EdGaere avatar Mar 02 '22 16:03 EdGaere

Is there a fix or workaround for this yet? I am also facing the same issue. In my case, I have around 1.4M rows. So I am splitting them into two. I am writing the first 750K in one sheet and the rest in the second sheet. But it generates invalid excel and when MSExcel tries to restore the data, it shows both sheets completely empty.

image

bsam-parsionate avatar May 02 '22 07:05 bsam-parsionate

I also have a large dataset that is generating invalid xlsx files, however I'm able to open and repair the files. Excel lists the repaired records as Repaired Records: String properties from /xl/worksheets/sheet1.xml part

jonathancyu avatar Jun 13 '22 16:06 jonathancyu

I am having a similar problem. I am generating a very large file with about 8M rows and about 10 columns with a mix of short text strings (~10 char) and small integers. Resulting file is about 430MB. Trying to read the file in using openpyxl gives

zipfile.BadZipFile: File is not a zip file

Python 3.9.9 pyexcelerate: 0.10.0 openpyxl: 3.0.10

ejhorow avatar Jun 24 '22 15:06 ejhorow

Is there a fix or workaround for this yet? I am also facing the same issue. In my case, I have around 1.4M rows. So I am splitting them into two. I am writing the first 750K in one sheet and the rest in the second sheet. But it generates invalid excel and when MSExcel tries to restore the data, it shows both sheets completely empty.

image

This seems like an issue with the xml generation. I'm happy to review a pull request and it seems that a fix would be welcome as it affects quite a few people.

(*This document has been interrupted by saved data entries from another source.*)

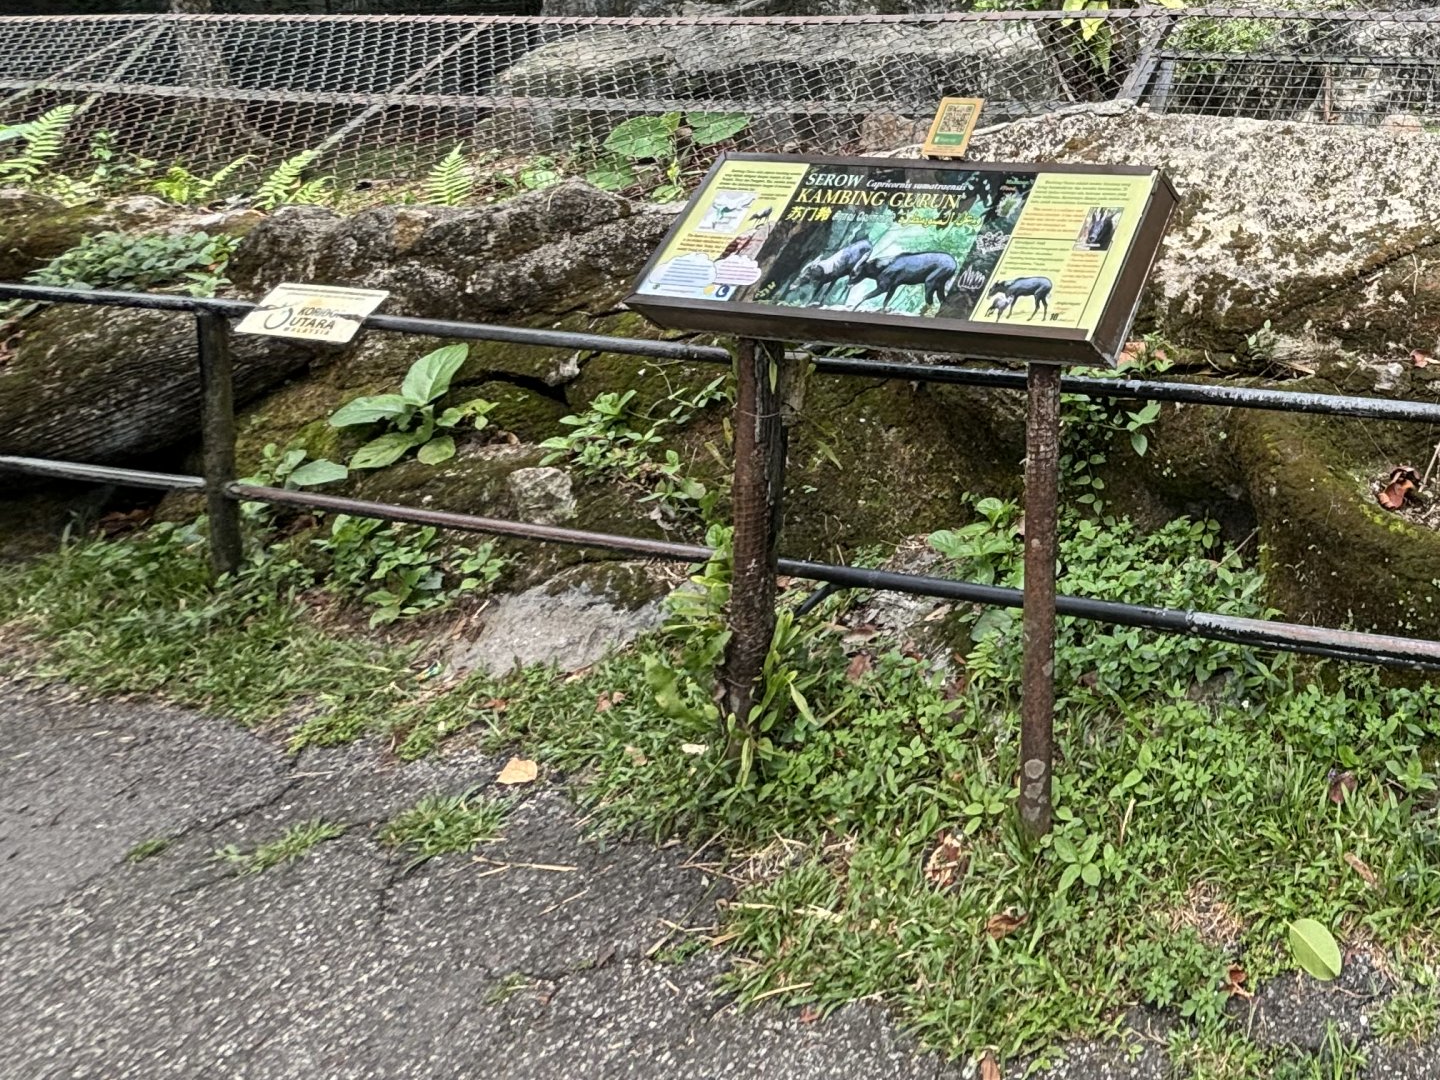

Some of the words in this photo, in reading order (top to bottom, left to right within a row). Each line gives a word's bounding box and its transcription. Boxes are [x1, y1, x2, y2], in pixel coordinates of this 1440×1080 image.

[805, 172, 864, 187] SEROW
[866, 179, 912, 191] Capricornis
[795, 188, 885, 207] KAMBING
[889, 192, 963, 210] GURUN
[289, 317, 336, 331] UTARA

kevmo314 avatar Jun 27 '22 16:06 kevmo314

Changing like 78 of Writer.py to with zf.open("xl/worksheets/sheet%s.xml" % (index), mode="w", force_zip64=True) as f: allows those xml files to be written. Unfortunately opening the resulting file gives the error "Microsoft Excel is waiting for another application to complete an OLE action". You can get around this by killing and reopening excel, opening a blank sheet, and navigating to the file from the Document Recovery pane.

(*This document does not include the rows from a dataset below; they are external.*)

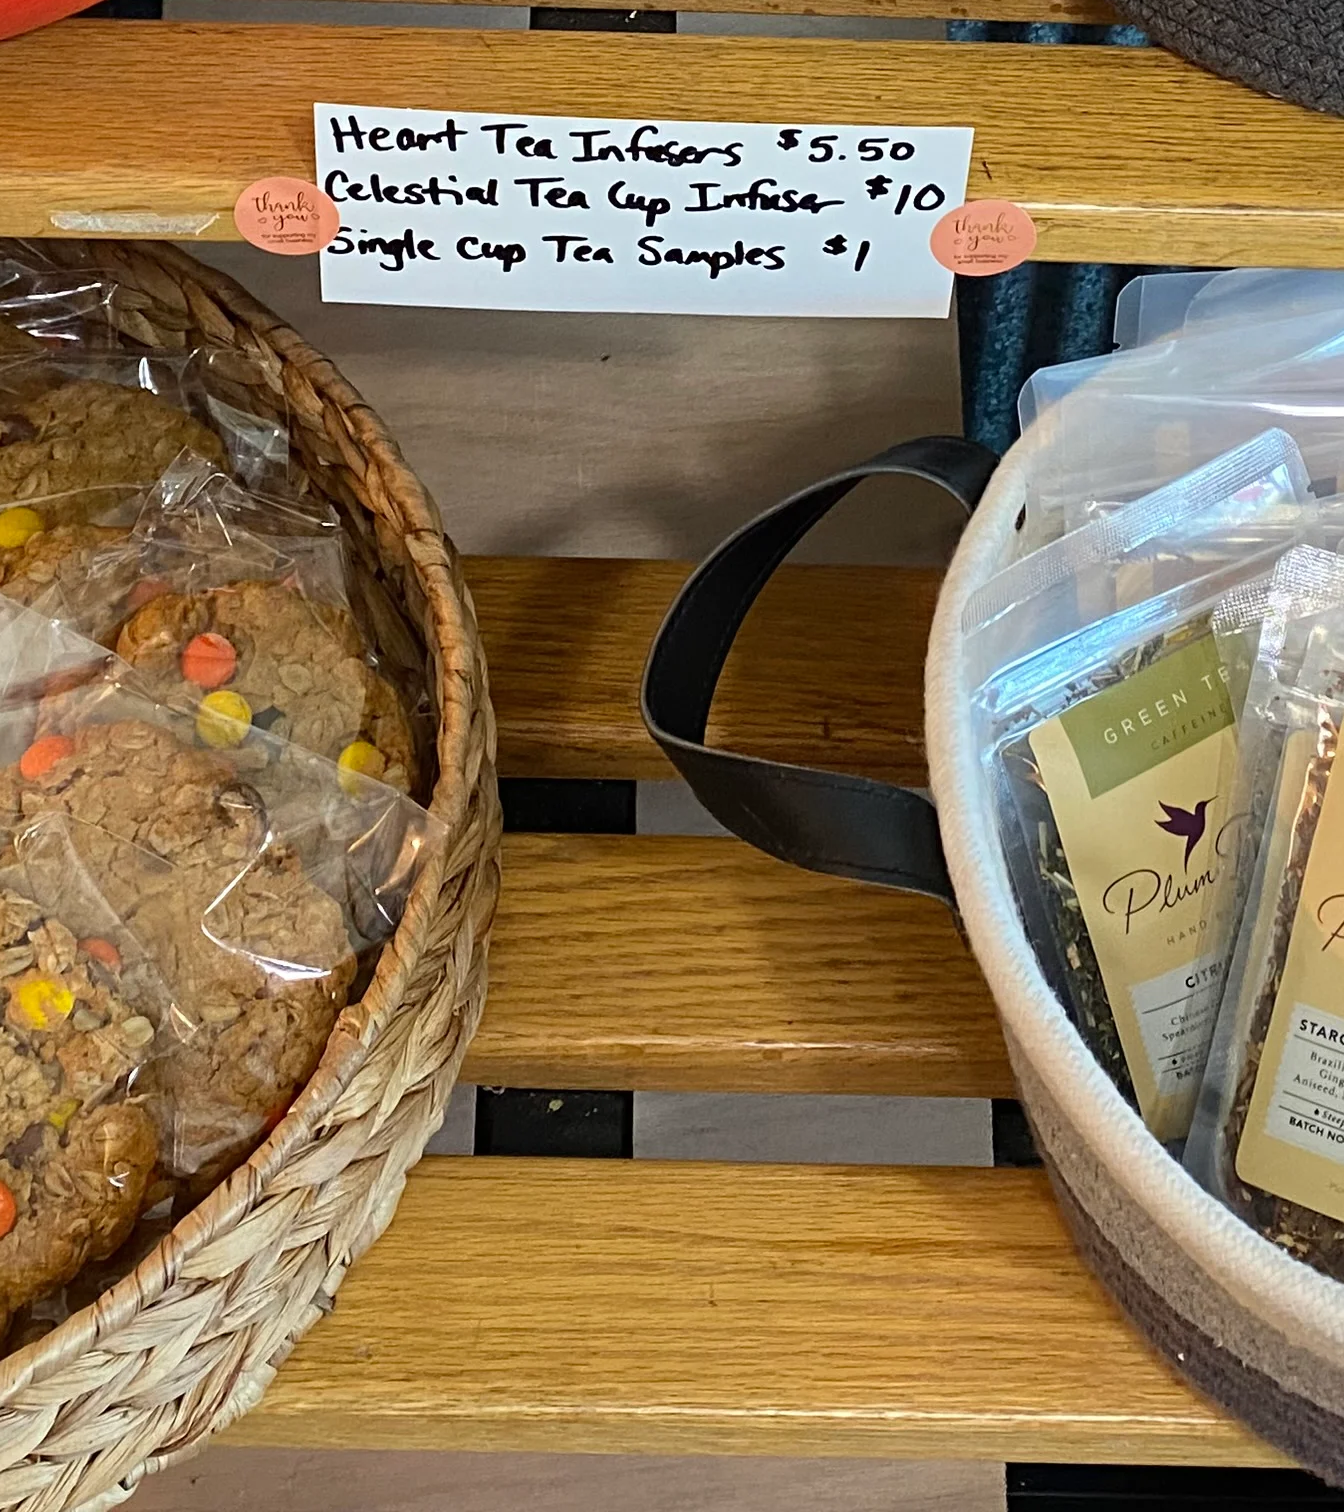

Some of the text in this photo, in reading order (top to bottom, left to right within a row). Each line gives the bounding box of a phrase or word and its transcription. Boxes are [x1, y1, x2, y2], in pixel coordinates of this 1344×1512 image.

[330, 115, 468, 153] Heart
[480, 123, 559, 160] Tea
[777, 129, 915, 164] $5.50
[251, 191, 315, 213] thank
[324, 169, 946, 227] Celestial Tea Cup Infuser $10
[272, 213, 308, 232] you
[952, 211, 1014, 235] thank
[327, 226, 871, 279] Single Cup Tea Samples $1
[967, 235, 1004, 251] you
[1104, 689, 1188, 744] GREEN
[1103, 869, 1216, 935] Plum
[1166, 919, 1208, 945] HAND
[1293, 1074, 1338, 1098] Aniseed,
[1289, 1116, 1324, 1137] BATCH

jonathancyu avatar Jun 27 '22 23:06 jonathancyu

I created a PR to add some logging, and add the force_zip64 change above. https://github.com/kz26/PyExcelerate/pull/178

If you're running into this issue, give that PR a shot and see if there's any additional debug information that gets produced. I suspect an error is being swallowed.

kevmo314 avatar Jul 01 '22 14:07 kevmo314

This change works for me

with zf.open("xl/worksheets/sheet%s.xml" % (index), mode="w", force_zip64=True) as f:

And I can open the file in excel as well.

The issue seems to be there is a default/assumed limit of 2GB of the file by ZipFile library. From the documentation, I could find this

When writing a file, if the file size is not known in advance but may exceed 2 GiB, pass force_zip64=True to ensure that the header format is capable of supporting large files. If the file size is known in advance, construct a ZipInfo object with file_size set, and use that as the name parameter.

Meanwhile, without force_zip64=True I get this error - file size unexpectedly exceeded zip64 limit

Nishad290 avatar Jul 05 '22 11:07 Nishad290

I solved it by doing this: with zf.open("xl/worksheets/sheet%s.xml" % (index), mode="w", force_zip64=True) as f:

After the file is created I rename it to zip and then do it with this command on linux:

zip -F myfileexcel.zip --out myfileexcel.xlsx

it's not the best practice. But I believe someone will improve this.

stgcorpbr avatar Jul 21 '22 13:07 stgcorpbr